But the problem of semantics has not been ignored, and efforts in this direction have led
to the third type of search engine. Systems like Excite by Architext, or
Smart, claim to search no longer mechanically with strings of significants,
but on the basis of a factual semantic model. In order to be able to discriminate between
articles on oil films and ones on cinema films, such programs examine the context in which
the respective concepts figure.
"The idea is to take the inverted index of the Web, with its rows of documents and
columns of keywords, and compress it so that documents with roughly similar profiles are
clustered together - even if one uses the word 'movie' and one uses 'film' - because they
have many other words in common."(10)
The result is a matrix where the columns now represent concepts instead of mechanical
keywords.
The exciting thing about this type of engine is that it progresses from mechanical
keywords to content-related concepts; and also that it obtains its categories solely on
the basis of the entered texts, of a statistical evaluation of the documents.
"[The engine] learns about subject categories from the bottom up, instead of
imposing an order from the top down. It is a self-organizing system. [...] To come up with
subject categories, Architext makes only one assumption: words that frequently occur
together are somehow related. As the corpus changes - as new connections emerge between,
say O. J. Simpson and murder - the classification scheme automatically adjusts. The
subject categories reflect the text itself"; "this eliminates two of the
biggest criticisms of library classification: that every scheme has a point of view, and
that every scheme will be constantly struggling against obsolescence." (11)

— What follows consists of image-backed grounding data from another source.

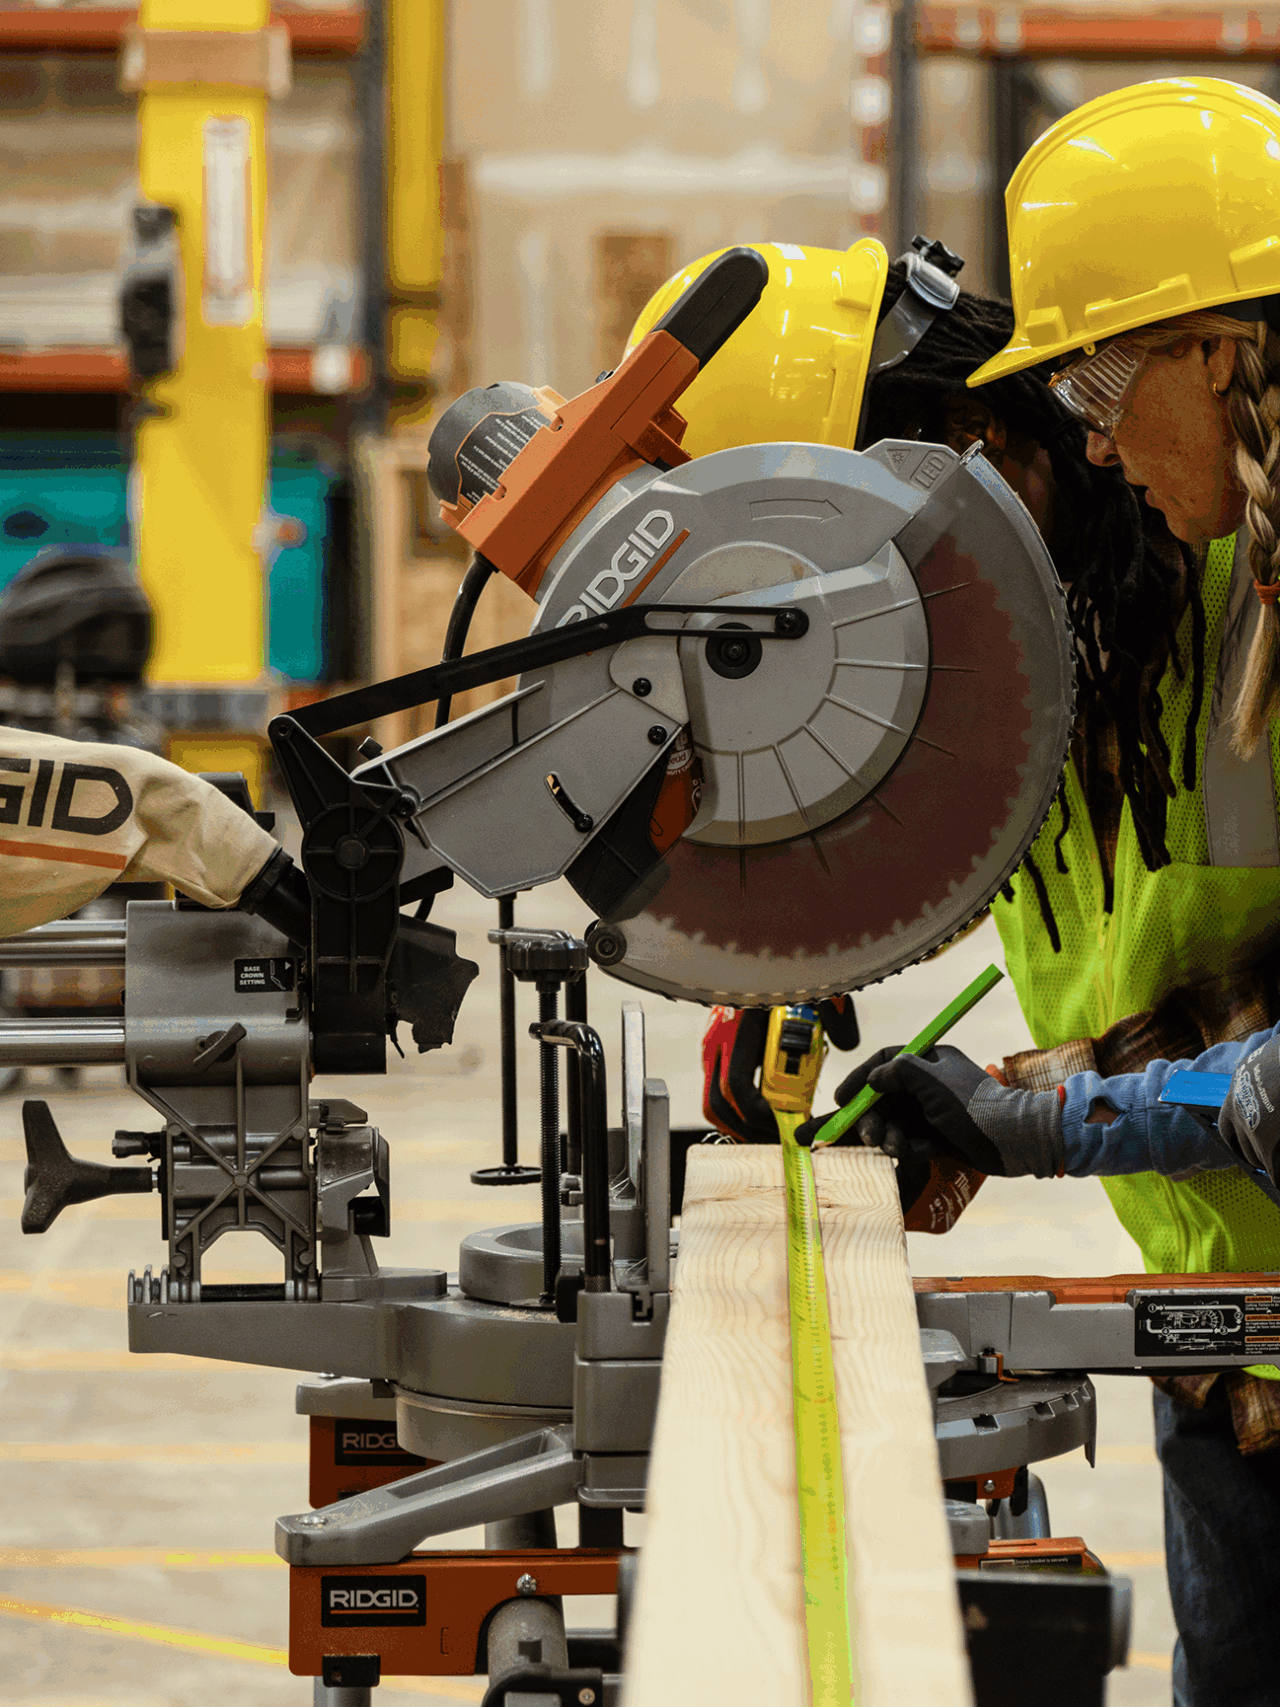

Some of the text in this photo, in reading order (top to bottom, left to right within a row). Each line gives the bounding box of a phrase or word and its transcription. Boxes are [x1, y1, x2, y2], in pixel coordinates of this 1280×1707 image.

[914, 454, 946, 489] LED
[343, 1433, 396, 1448] RIDG
[329, 1589, 418, 1608] RIDGID
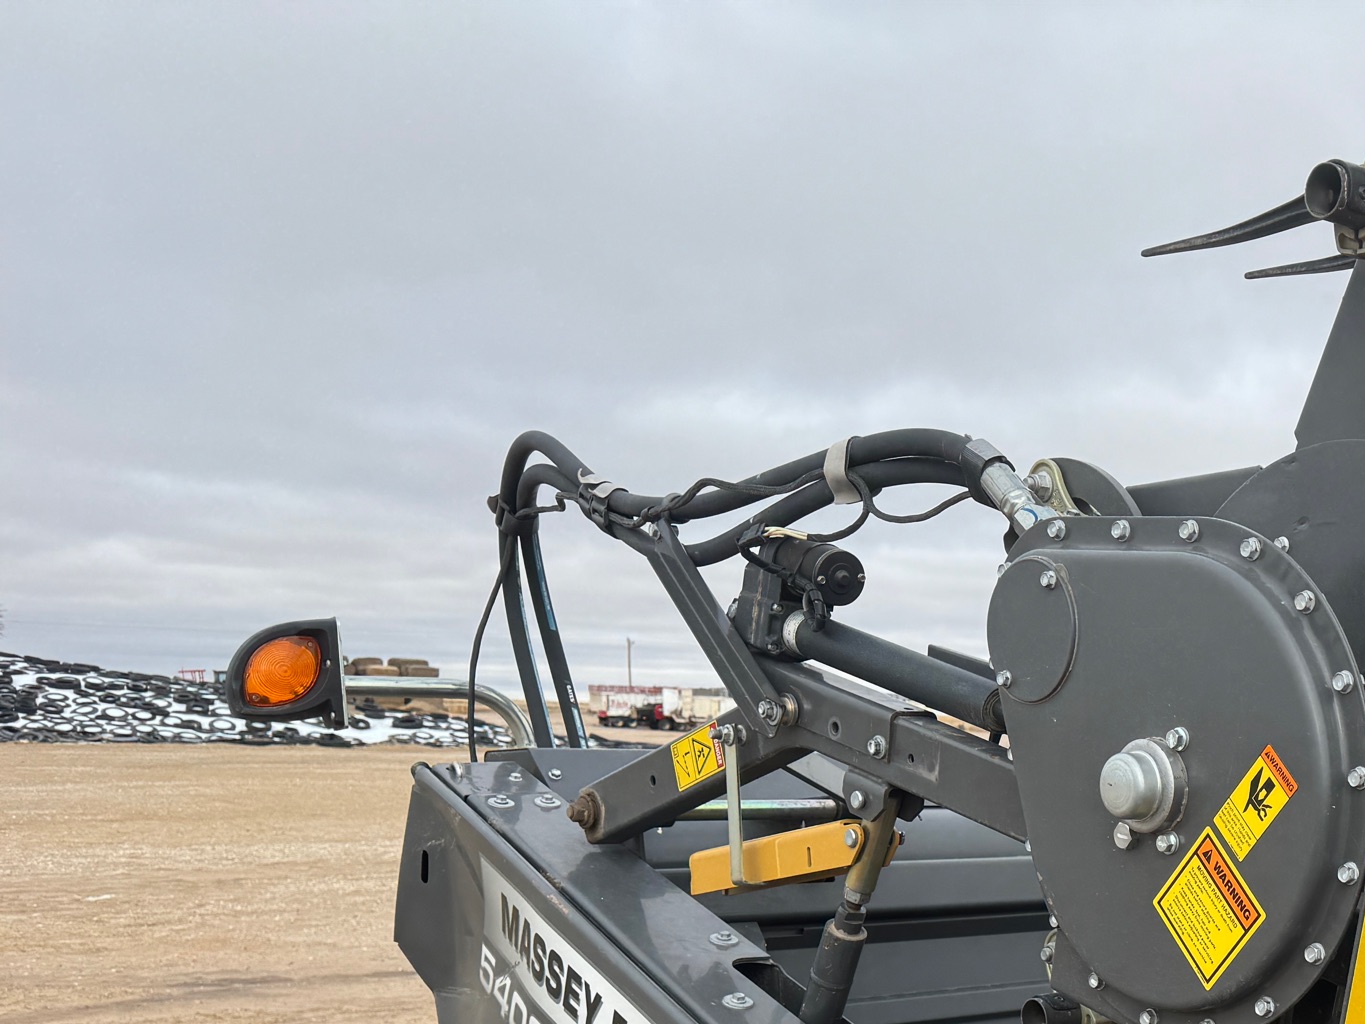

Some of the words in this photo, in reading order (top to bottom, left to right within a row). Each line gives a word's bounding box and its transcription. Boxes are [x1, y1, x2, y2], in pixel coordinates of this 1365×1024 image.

[1269, 755, 1295, 794] WARNING
[1196, 865, 1213, 890] MOVING
[1211, 888, 1223, 905] PART
[1220, 903, 1238, 929] HAZARD
[1213, 860, 1252, 922] WARNING
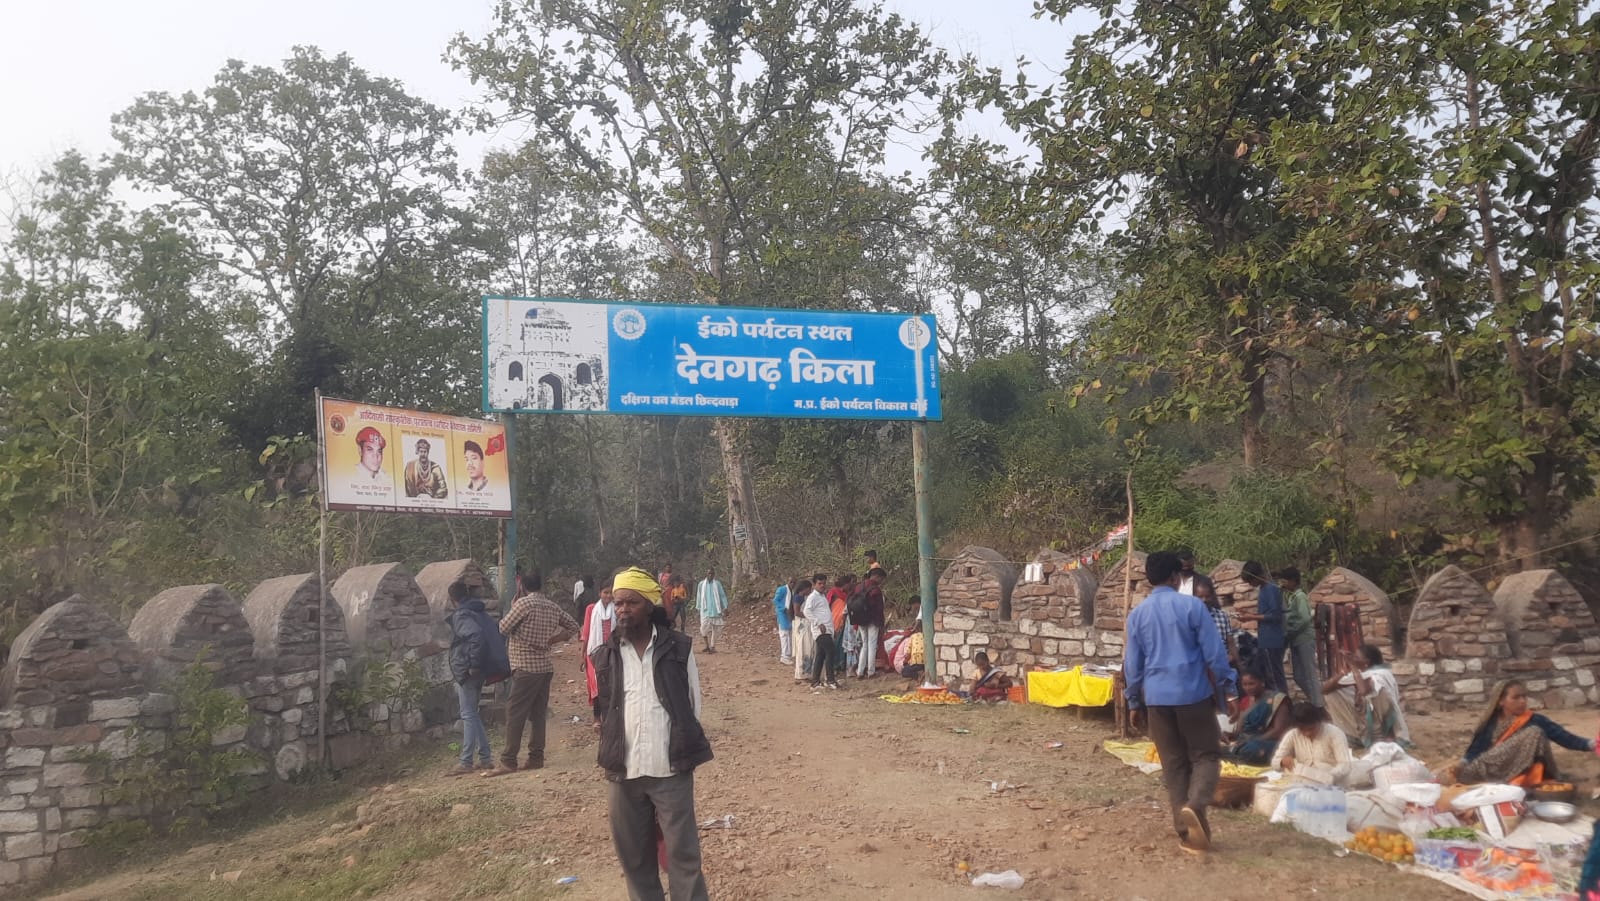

Other designs, such as the 'Context' system by Oracle, attempt to incorporate analyses of
the syntax, and by doing so find themselves in the minefield of how to model natural
language - a problem that has been worked upon in the field of AI since the 1960s, without
convincing results having been produced so far. The evaluation of such systems is more
than difficult; and it is even more difficult to make forecasts about the possible chances
of developments.
For that reason, I would like to shift the focus of the question from the presented
systems mode of function and their implications and limitations to the sociocultural
question of what their meaning is, what their actual project is in the concurrence of
discourses and media.
3
The path from the hierarchic ontologies over the keyword search and on to the semantic
systems shows, in fact, that it is a matter of a very fundamental question beyond the
pragmatic usage processes. The search engines are not a random tool that
supplements the presented texts and facilitates their handling. On the contrary, they
appear as a systematic counterpart on which the texts are reliant in the sense of a
reciprocal and systematic interrelation.
My assertion is that the search engines occupy exactly that position which -- in the case
of non-machine-mediated communication -- can be claimed by the system of language.
(And that is the main reason why search engines interest me.)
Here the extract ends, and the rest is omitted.